Goodbyes Are Irrelevant
By Kaitourei
Summary:
"Our minds, two sides of a coin, never meeting yet always together, bound to each in a cruel twist of fate neither of us wish to have place upon himself." [Short one-shot, Ryou and Yami Bakura speak for the last time.]
Disclaimer:
All respective characters belong to their creator Kazuki Takahashi.
Notes:
Wow, another Ryou Bakura angst fic!
(Yeah, yeah, I know, my originality is daunting.)
Hopefully this is a bit different from the rest. It's supposed to be right after Yami (or Atemu, whatever) defeats Yami Bakura, before he goes to the shadow realm.
(I refuse to believe Yami Bakura s gone for good. He'll come back in Yu-Gi-Oh! R or something…)
Enjoy.
~
Goodbyes Are Irrelevant
"Fairytales, you all know them, don't you? Wherein the handsome prince rides away with his newly rescued maiden after his heroic fight with sinister villain. A villain, who, after repressing the beautiful maiden in one way or another, was killed in a quick seemingly nonviolent way, to avoid any nightmares the naïve toddler, having heard the tale, might manifest in his or her sugarplum filled slumber.
"And it is this childlike quality that makes them so acceptable. The idea of good triumphing over evil - evil, which in the human mind configures as an entity of lawless and inhuman actions, bound to the cause of wide spread chaos and mass hysteria; which the evil, itself, finds amusing - is established as an universal law. Considering this, the human mind accepts the condemning of a seemingly 'evil' person, without remorse. That is - of course - absurd, no human in their life achieves standards of 'evil' flawlessly, unless of course that human or spirit, per se, is me."
My yami pauses. His eyes, my eyes, never leave me. I know he can tell I'm anticipating pain, we can read each other well, like a novel ripped and torn from the constant pound of fingers fumbling through the pages for answers, actions and responses to questions. Our stories have been read, again and again by each other, yet we can't understand the words written on the battered pages - like they were written in a lost language.
He confuses me with his thoughts, his goals, they're as vague to me as the rocky shores of destruction masked by a morning fog. Ideas that I cannot, or will not, accept run in his very being - poster child for the fall of morality, king on a thrown of anarchy. And yet I'm there too, unseen angel of virtue, the right to his wrong, hope for any morality left within the both of us. Our minds, two sides of a coin, never meeting yet always together, bound to each in a cruel twist of fate neither of us wish to have place upon himself.
"You see, Ryou," he continues. "Fairy tales are not like life at all. Life is not like that. Life is cruel and brutal, what little happiness it holds is lost to me. I pity you, Ryou, living in a world filled with people willing to use you and your kindred to save their pathetic asses, whether or not it was their fault they were caught pants down. And how do you suppose these people are treated?"
I could see the unremitting malice in his eyes, "They're praised, Ryou, prayed to like they were saints. Why? Because they saved their kinsmen using the lives of the unwilling. Now who is the evil? The martyrs, already damned in the minds of men, or the men who did what they could to save their own." He chuckles lightly to himself.
"What are trying to tell me?" There's something about him, something that reminds me of an injured animal, right before it dies.
"I've come to the end of my fairytale, Ryou." If we were anywhere where matter existed and there were such things as up and down, he might have sat on the floor in front of me. He was, as I'd never seen him before, weak.
And I dared to ask. "How did it end?"
There was a flash of a wiry smirk; I already knew. "Like they all do."
There was nothing either of us could say. Words were unimportant and foreign.
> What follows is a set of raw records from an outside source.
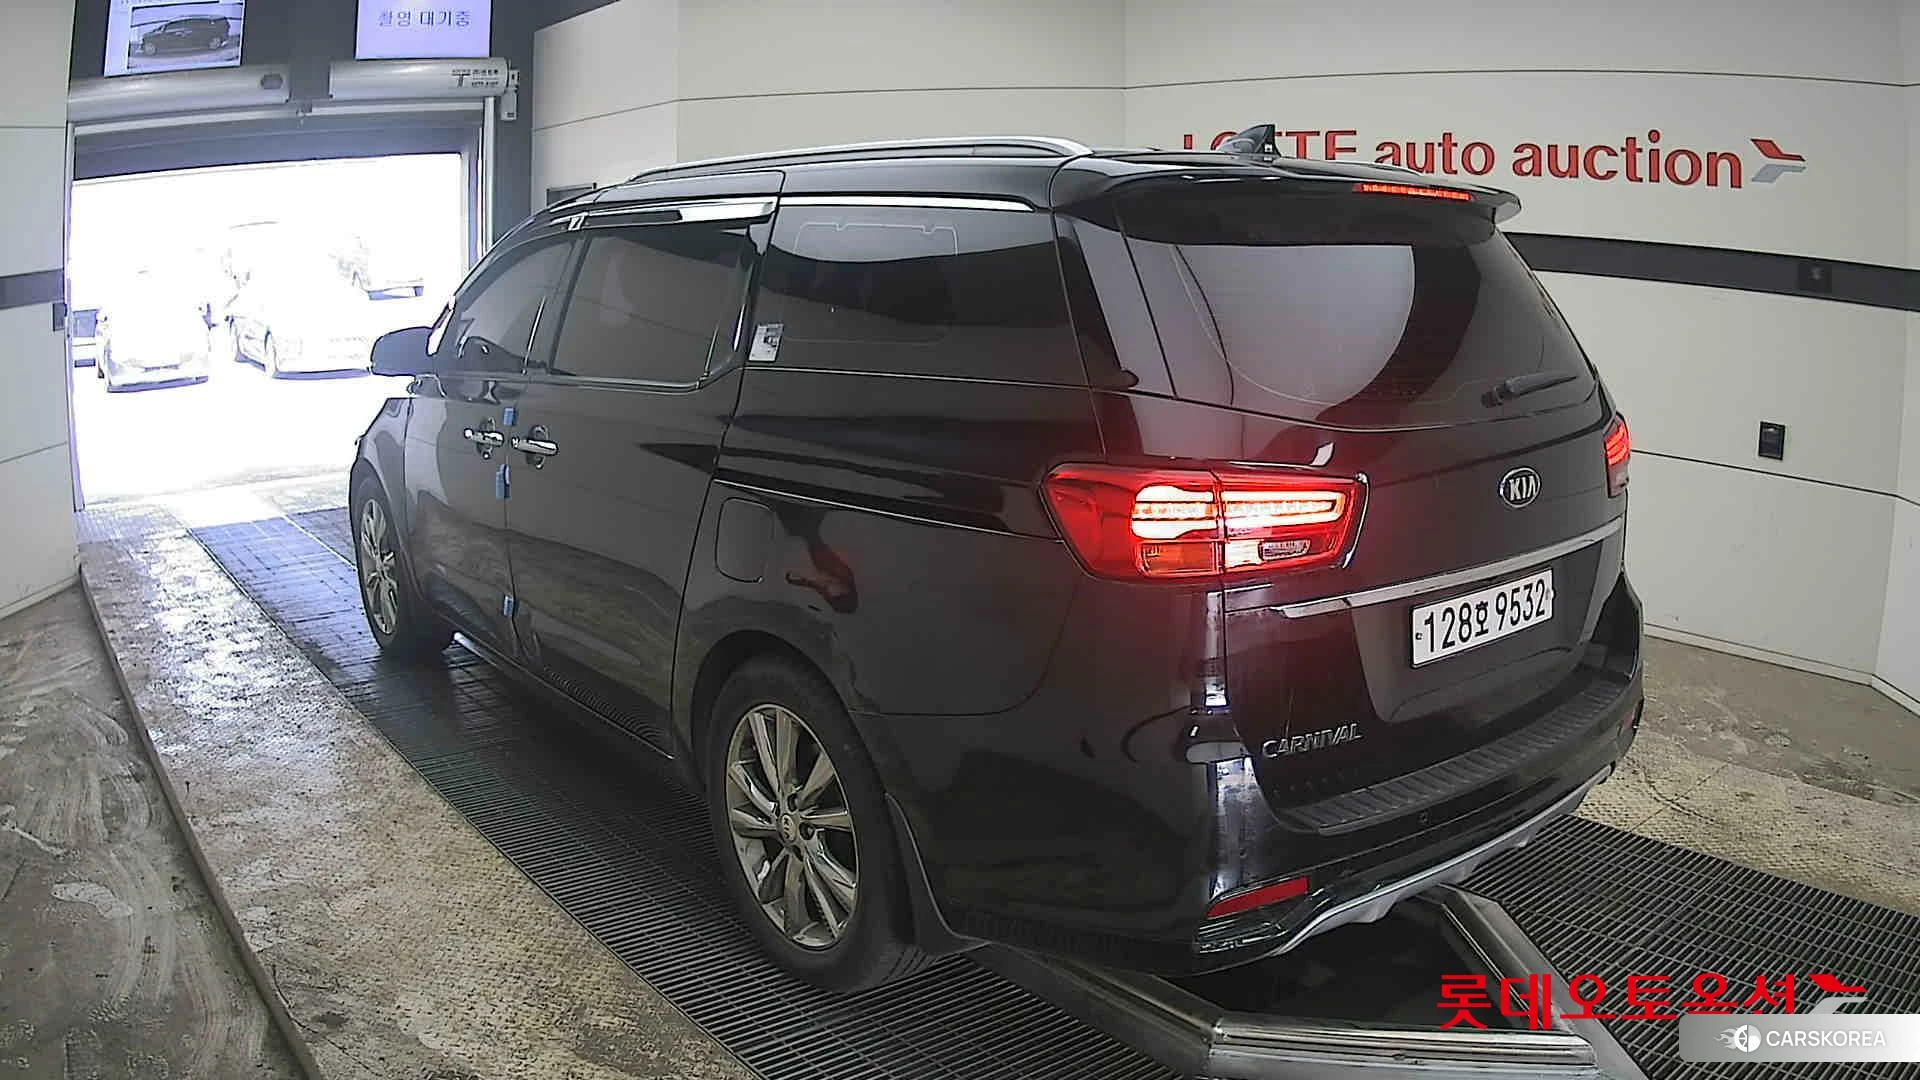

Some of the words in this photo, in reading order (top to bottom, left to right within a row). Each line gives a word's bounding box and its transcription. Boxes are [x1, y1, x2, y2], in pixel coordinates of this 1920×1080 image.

[1374, 132, 1496, 176] auto
[1512, 129, 1742, 190] auction
[1508, 474, 1537, 501] KIA
[1424, 600, 1489, 653] 128호
[1495, 578, 1545, 631] 9532
[1262, 722, 1363, 758] CARNIVAL
Somewhere deep inside my being I felt something break, like a rib in my chest, snapping. I wish it were a rib, atleast I would know it would eventually heal.
"Goodbyes are irrelevant."
My yami didn't seem to notice the pain. But he didn't have to feel it; he could savor in the tears that fell simultaneously from our eyes.
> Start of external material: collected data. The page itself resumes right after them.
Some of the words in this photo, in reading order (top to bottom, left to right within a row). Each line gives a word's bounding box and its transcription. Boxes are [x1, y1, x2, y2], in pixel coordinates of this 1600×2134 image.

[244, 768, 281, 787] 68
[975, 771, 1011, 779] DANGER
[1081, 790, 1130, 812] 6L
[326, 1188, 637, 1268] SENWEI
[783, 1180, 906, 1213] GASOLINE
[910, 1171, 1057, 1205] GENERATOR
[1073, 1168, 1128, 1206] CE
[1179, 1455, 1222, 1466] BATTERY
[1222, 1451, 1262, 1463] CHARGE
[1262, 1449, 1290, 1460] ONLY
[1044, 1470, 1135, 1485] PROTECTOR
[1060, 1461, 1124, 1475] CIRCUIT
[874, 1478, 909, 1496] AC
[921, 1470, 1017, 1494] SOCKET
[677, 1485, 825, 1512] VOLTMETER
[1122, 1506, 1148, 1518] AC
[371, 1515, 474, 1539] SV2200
He stayed however long he stayed. Time was irrelevant in the hollow of my mind - my mind, not ours anymore. I think he was still trying to read my story. I'll never know if he understood the muddled words. I was trying to decipher his and I failed.
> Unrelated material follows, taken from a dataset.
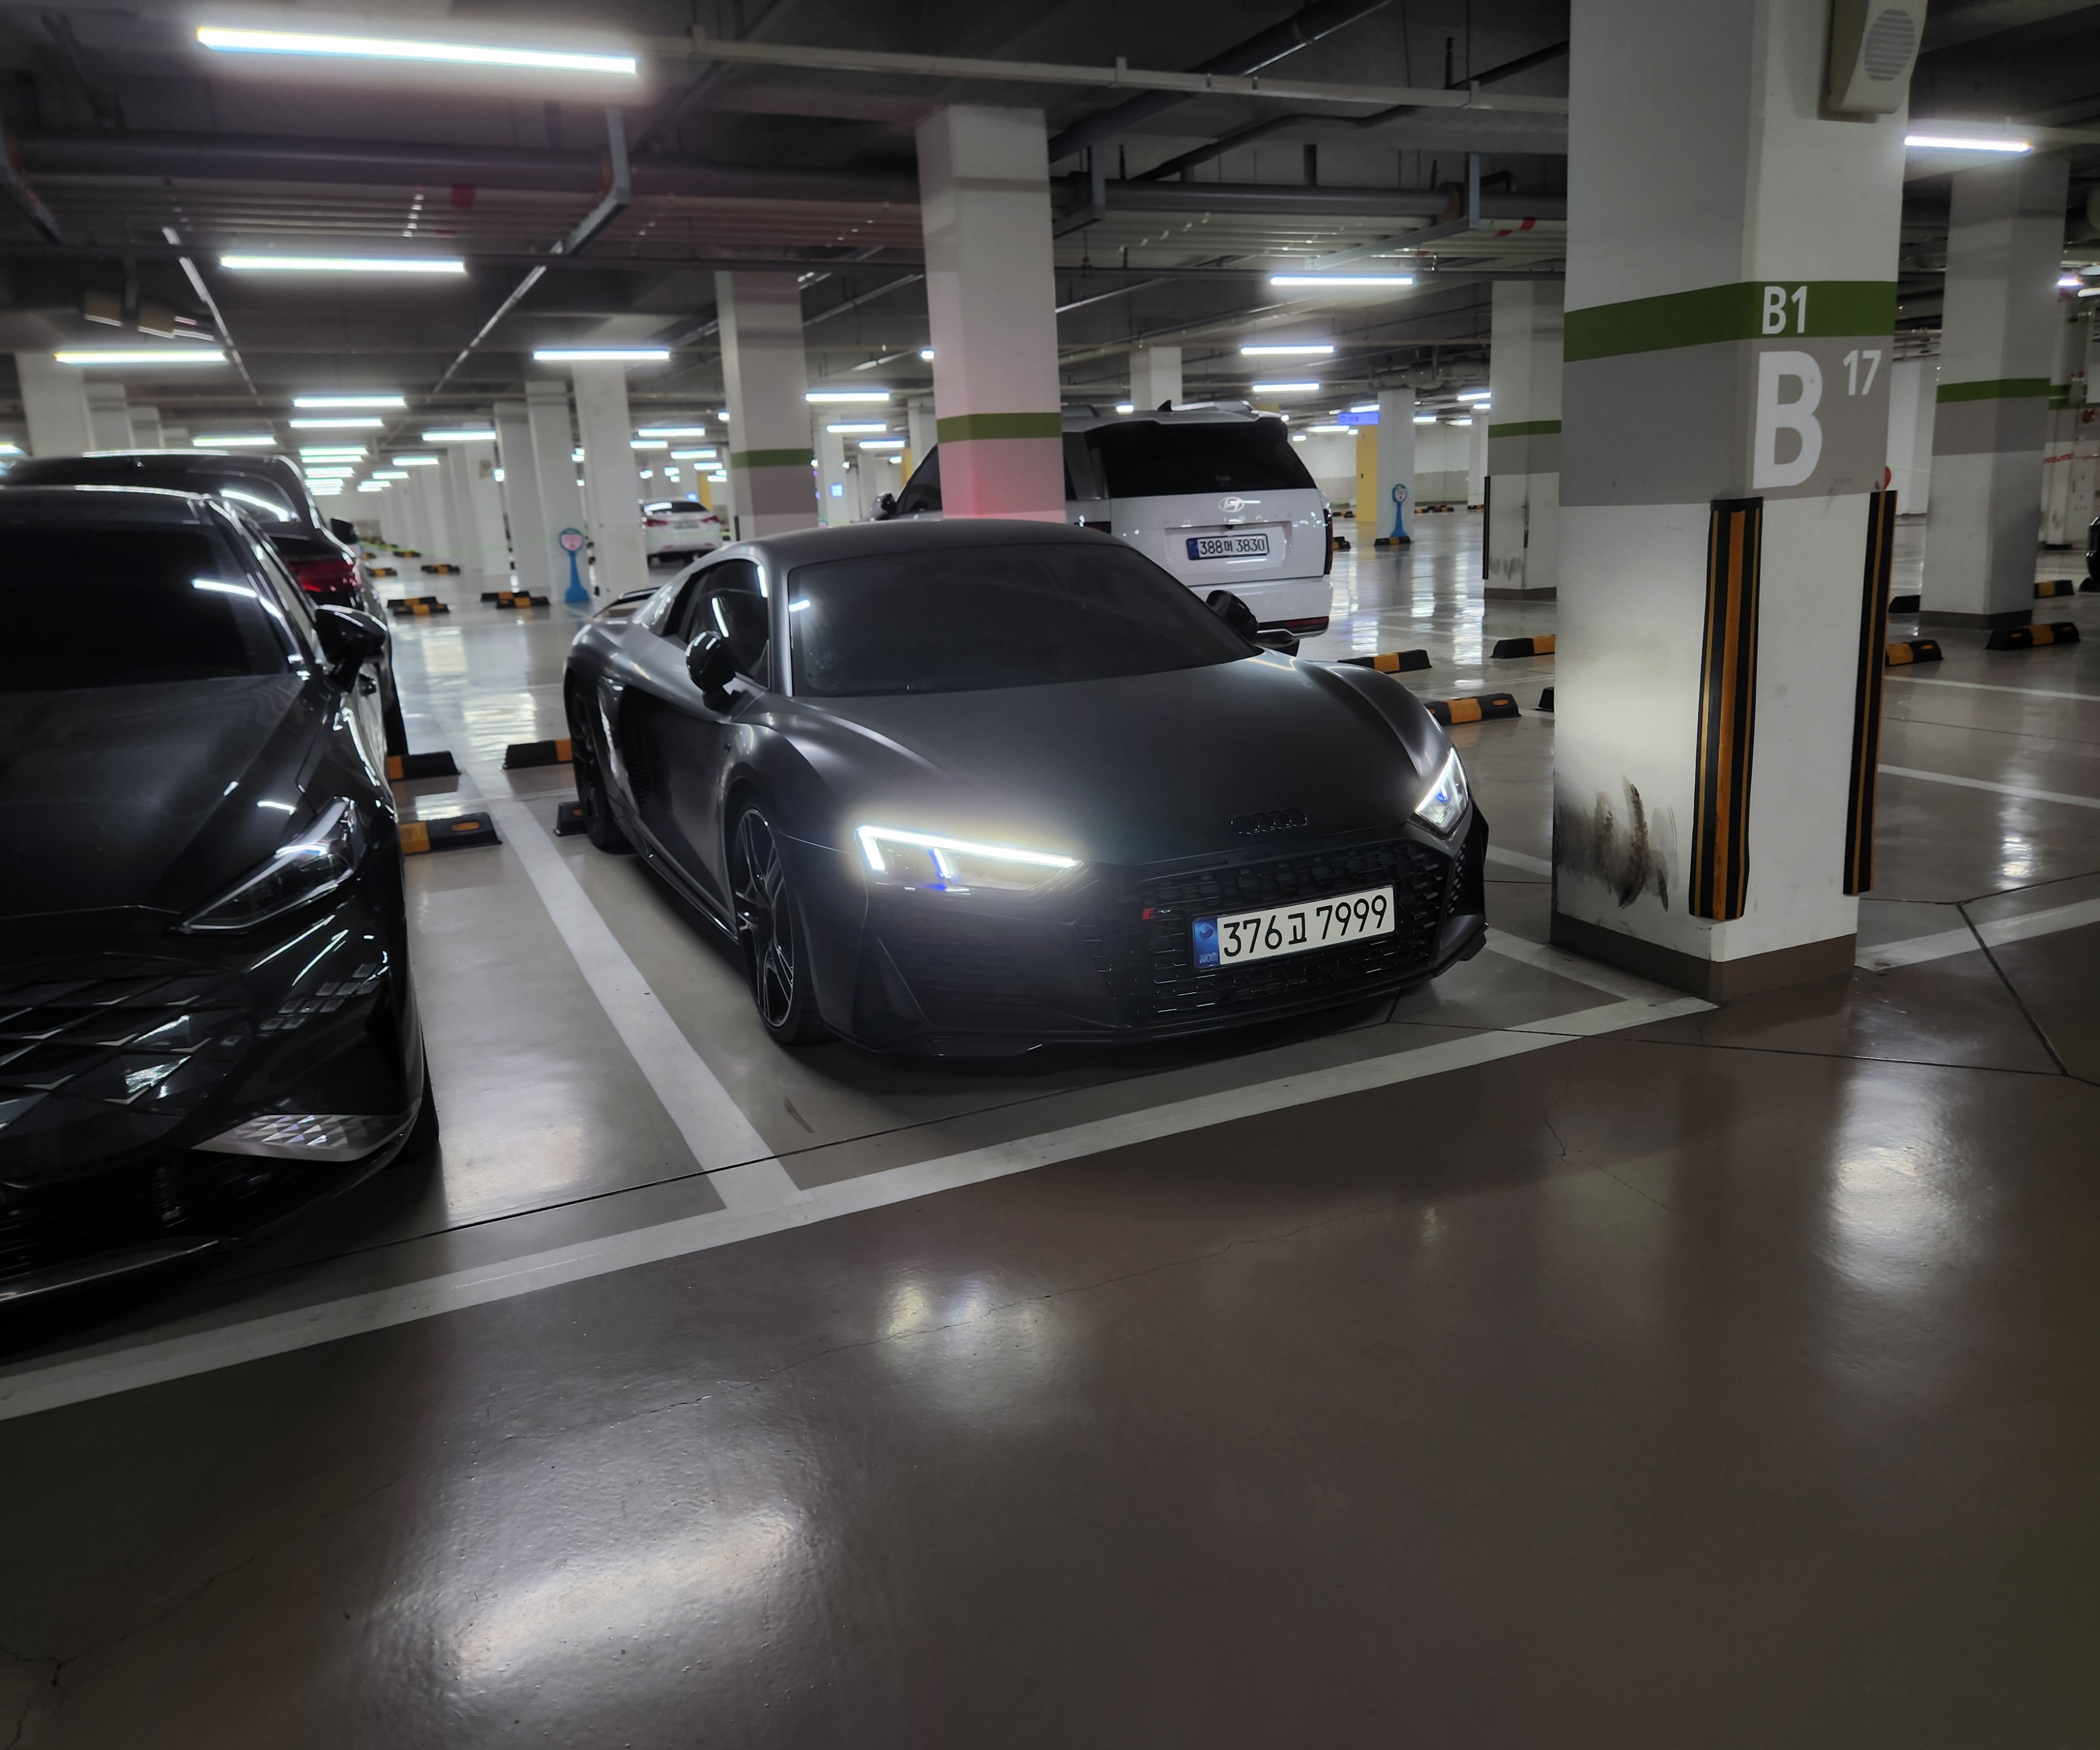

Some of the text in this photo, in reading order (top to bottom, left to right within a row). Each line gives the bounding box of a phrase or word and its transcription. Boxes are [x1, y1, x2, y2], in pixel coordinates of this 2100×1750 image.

Denial. I tried it when he first contacted me and I tried it when he finally left me for good. He's gone, I know that now, and I still wonder. If I had had more time, could I have learned to understand him?
I found a phrase in his story. It took his death to bring me a wisp of understanding. Goodbyes are irrelevant. He didn't apologize. He didn't ask forgiveness. I wanted to forgive him, but he already knew that. Maybe among the broken sentences and scrawled words he found a phrase of mine he could understand.
I'll never really know, I'm just noticing how loud silence can be.